DATASET:
+---+
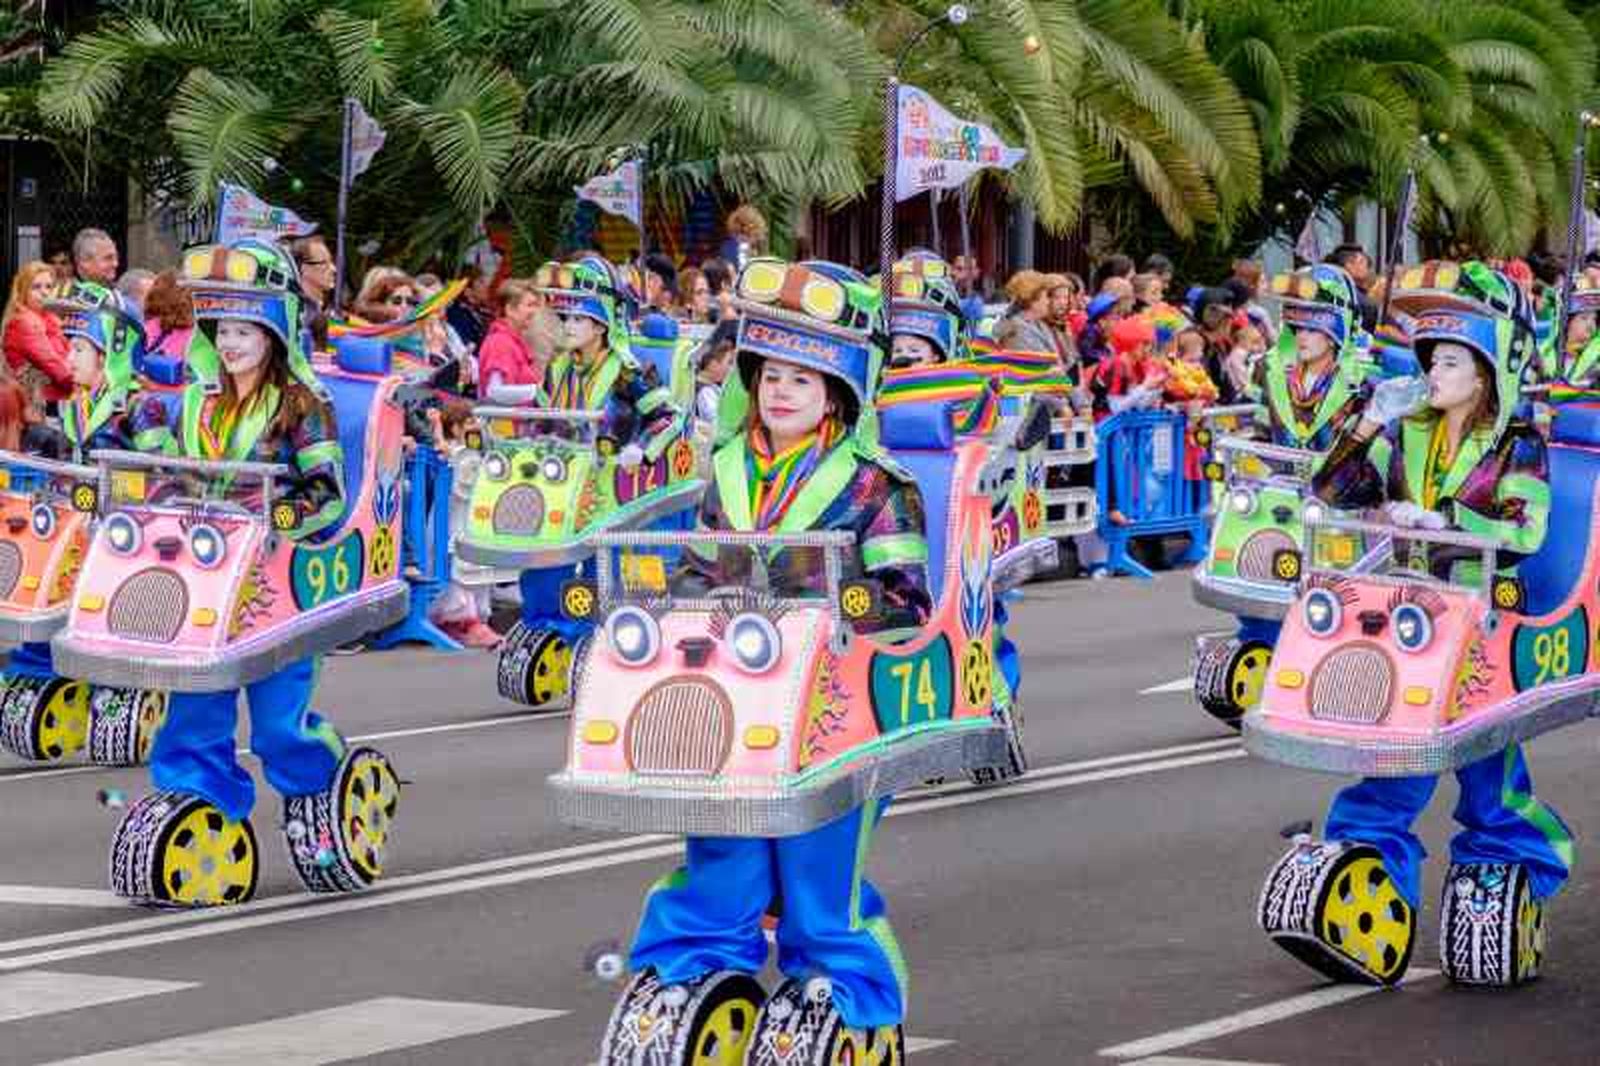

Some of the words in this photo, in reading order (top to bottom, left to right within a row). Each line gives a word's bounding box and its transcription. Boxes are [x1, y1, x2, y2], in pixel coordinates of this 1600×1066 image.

[307, 544, 350, 605] 96
[1534, 627, 1569, 686] 98
[890, 656, 937, 725] 74
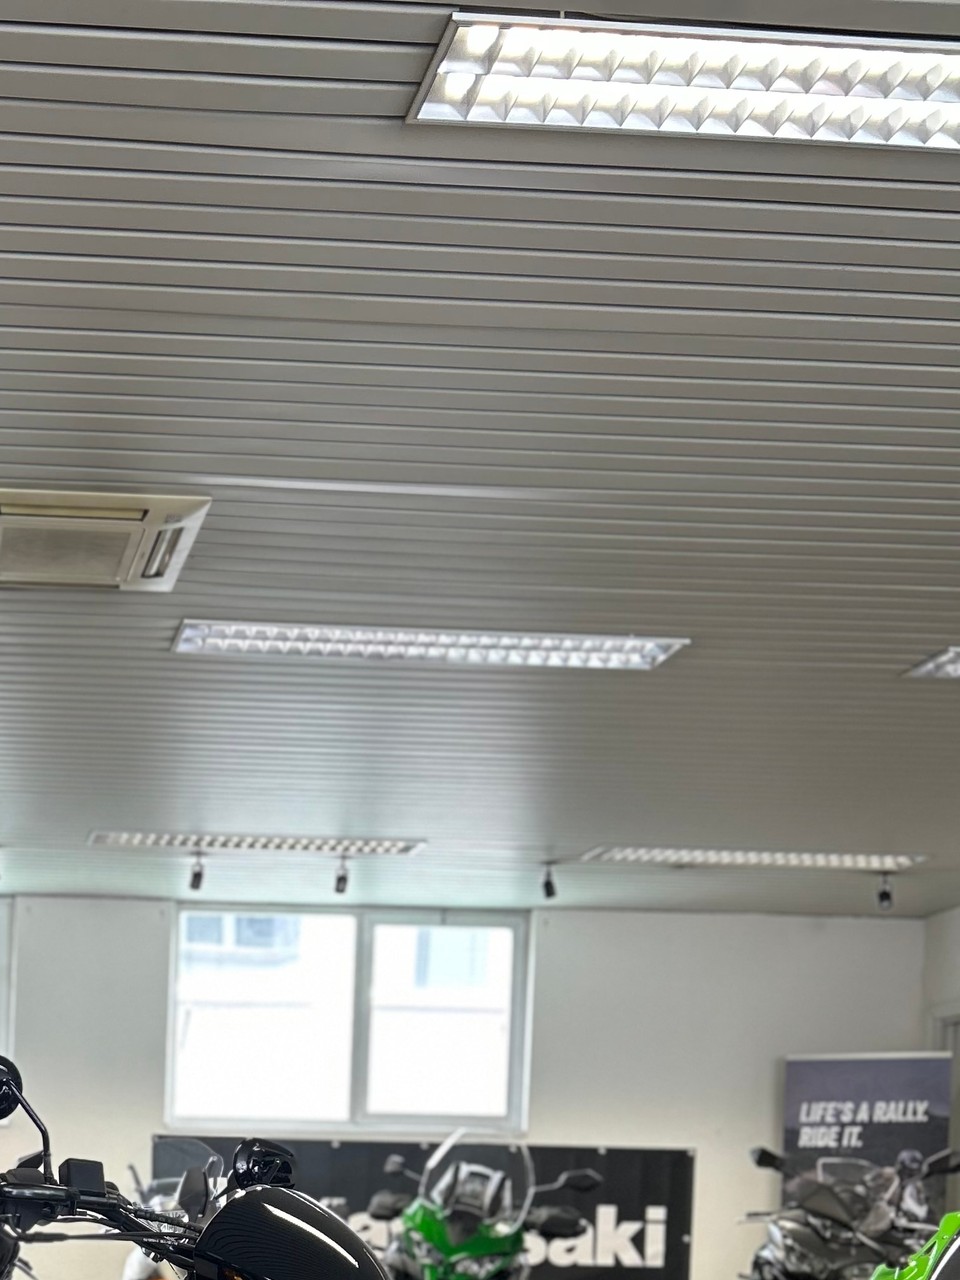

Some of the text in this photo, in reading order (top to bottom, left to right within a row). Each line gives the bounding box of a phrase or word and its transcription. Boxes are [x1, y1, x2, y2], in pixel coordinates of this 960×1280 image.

[799, 1101, 929, 1123] LIFE'S A RALLY.
[798, 1126, 863, 1148] RIDE IT.
+---+
PROBLEM DETAILS:
Repeat the material above verbatim, with no pictures in the output.

COMPLETED TASK:
Some of the words in this photo, in reading order (top to bottom, left to right within a row). Each line gives a word's bounding box and its transcription. Boxes are [x1, y1, x2, y2], in pixel coordinates of this 1600×1066 image.

[307, 544, 350, 605] 96
[1534, 627, 1569, 686] 98
[890, 656, 937, 725] 74

Some of the text in this photo, in reading order (top to bottom, left to right within a row). Each line gives the bounding box of a phrase or word and its transcription. Boxes are [x1, y1, x2, y2], in pixel coordinates of this 960×1280 image.

[799, 1101, 929, 1123] LIFE'S A RALLY.
[798, 1126, 863, 1148] RIDE IT.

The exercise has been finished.